■ **TO DO**: Return all of the following entries as written, but without the images.

■ **MATERIAL TO PROCESS**:
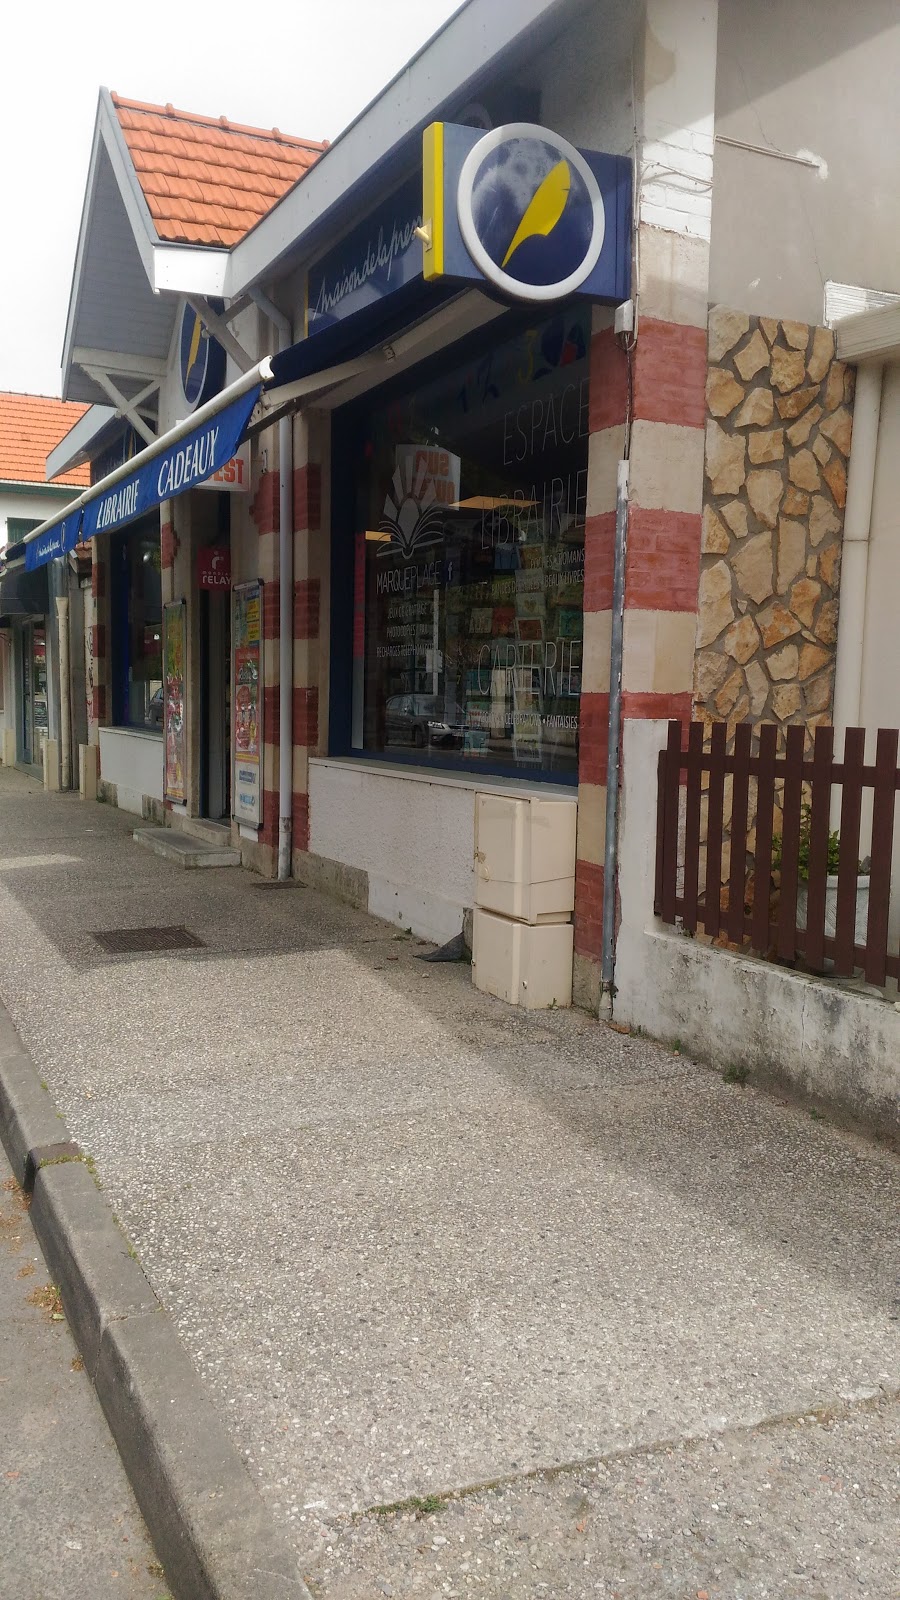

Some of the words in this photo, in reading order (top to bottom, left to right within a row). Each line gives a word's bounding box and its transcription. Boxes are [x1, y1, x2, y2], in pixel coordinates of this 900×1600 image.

[503, 377, 590, 466] ESPACE
[157, 426, 219, 497] CADEAUX
[207, 458, 245, 484] EST
[96, 479, 140, 529] LIBRAIRIE
[481, 468, 588, 550] LIBRAIRIE
[478, 639, 582, 696] CARTERIE
[546, 714, 578, 730] FANTAISIES

■ **REPLY**:
Some of the words in this photo, in reading order (top to bottom, left to right within a row). Each line gives a word's bounding box and its transcription. Boxes are [x1, y1, x2, y2], in pixel coordinates of this 900×1600 image.

[503, 377, 590, 466] ESPACE
[157, 426, 219, 497] CADEAUX
[207, 458, 245, 484] EST
[96, 479, 140, 529] LIBRAIRIE
[481, 468, 588, 550] LIBRAIRIE
[478, 639, 582, 696] CARTERIE
[546, 714, 578, 730] FANTAISIES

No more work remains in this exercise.